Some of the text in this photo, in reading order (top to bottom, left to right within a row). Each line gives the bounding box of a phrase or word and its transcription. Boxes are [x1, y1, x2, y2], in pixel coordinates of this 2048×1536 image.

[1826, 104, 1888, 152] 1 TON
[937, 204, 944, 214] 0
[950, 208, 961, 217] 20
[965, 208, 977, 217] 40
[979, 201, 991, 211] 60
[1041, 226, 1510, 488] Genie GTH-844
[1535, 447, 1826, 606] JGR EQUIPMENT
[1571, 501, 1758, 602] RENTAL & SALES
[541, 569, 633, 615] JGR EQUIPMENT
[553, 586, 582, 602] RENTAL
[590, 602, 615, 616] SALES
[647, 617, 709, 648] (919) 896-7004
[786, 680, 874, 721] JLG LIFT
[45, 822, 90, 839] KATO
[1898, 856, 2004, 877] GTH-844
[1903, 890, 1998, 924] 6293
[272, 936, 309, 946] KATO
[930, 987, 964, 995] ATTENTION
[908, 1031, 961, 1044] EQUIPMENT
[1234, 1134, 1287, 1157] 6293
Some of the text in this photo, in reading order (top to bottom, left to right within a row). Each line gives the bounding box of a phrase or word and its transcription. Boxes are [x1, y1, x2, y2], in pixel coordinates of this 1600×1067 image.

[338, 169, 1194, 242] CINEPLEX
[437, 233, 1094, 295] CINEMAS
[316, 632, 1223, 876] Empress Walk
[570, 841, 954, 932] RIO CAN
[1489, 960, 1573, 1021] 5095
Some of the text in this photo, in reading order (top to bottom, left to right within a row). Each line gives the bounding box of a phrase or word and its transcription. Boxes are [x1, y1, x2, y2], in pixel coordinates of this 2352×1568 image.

TASK OBJECTIVE
After the last line of the data, restate all the entries verbatim.

EXERCISE OUTPUT
Some of the text in this photo, in reading order (top to bottom, left to right within a row). Each line gives the bounding box of a phrase or word and its transcription. Boxes are [x1, y1, x2, y2], in pixel coordinates of this 2048×1536 image.

[1826, 104, 1888, 152] 1 TON
[937, 204, 944, 214] 0
[950, 208, 961, 217] 20
[965, 208, 977, 217] 40
[979, 201, 991, 211] 60
[1041, 226, 1510, 488] Genie GTH-844
[1535, 447, 1826, 606] JGR EQUIPMENT
[1571, 501, 1758, 602] RENTAL & SALES
[541, 569, 633, 615] JGR EQUIPMENT
[553, 586, 582, 602] RENTAL
[590, 602, 615, 616] SALES
[647, 617, 709, 648] (919) 896-7004
[786, 680, 874, 721] JLG LIFT
[45, 822, 90, 839] KATO
[1898, 856, 2004, 877] GTH-844
[1903, 890, 1998, 924] 6293
[272, 936, 309, 946] KATO
[930, 987, 964, 995] ATTENTION
[908, 1031, 961, 1044] EQUIPMENT
[1234, 1134, 1287, 1157] 6293
Some of the text in this photo, in reading order (top to bottom, left to right within a row). Each line gives the bounding box of a phrase or word and its transcription. Boxes are [x1, y1, x2, y2], in pixel coordinates of this 1600×1067 image.

[338, 169, 1194, 242] CINEPLEX
[437, 233, 1094, 295] CINEMAS
[316, 632, 1223, 876] Empress Walk
[570, 841, 954, 932] RIO CAN
[1489, 960, 1573, 1021] 5095
Some of the text in this photo, in reading order (top to bottom, left to right within a row). Each line gives the bounding box of a phrase or word and its transcription. Boxes are [x1, y1, x2, y2], in pixel coordinates of this 2352×1568 image.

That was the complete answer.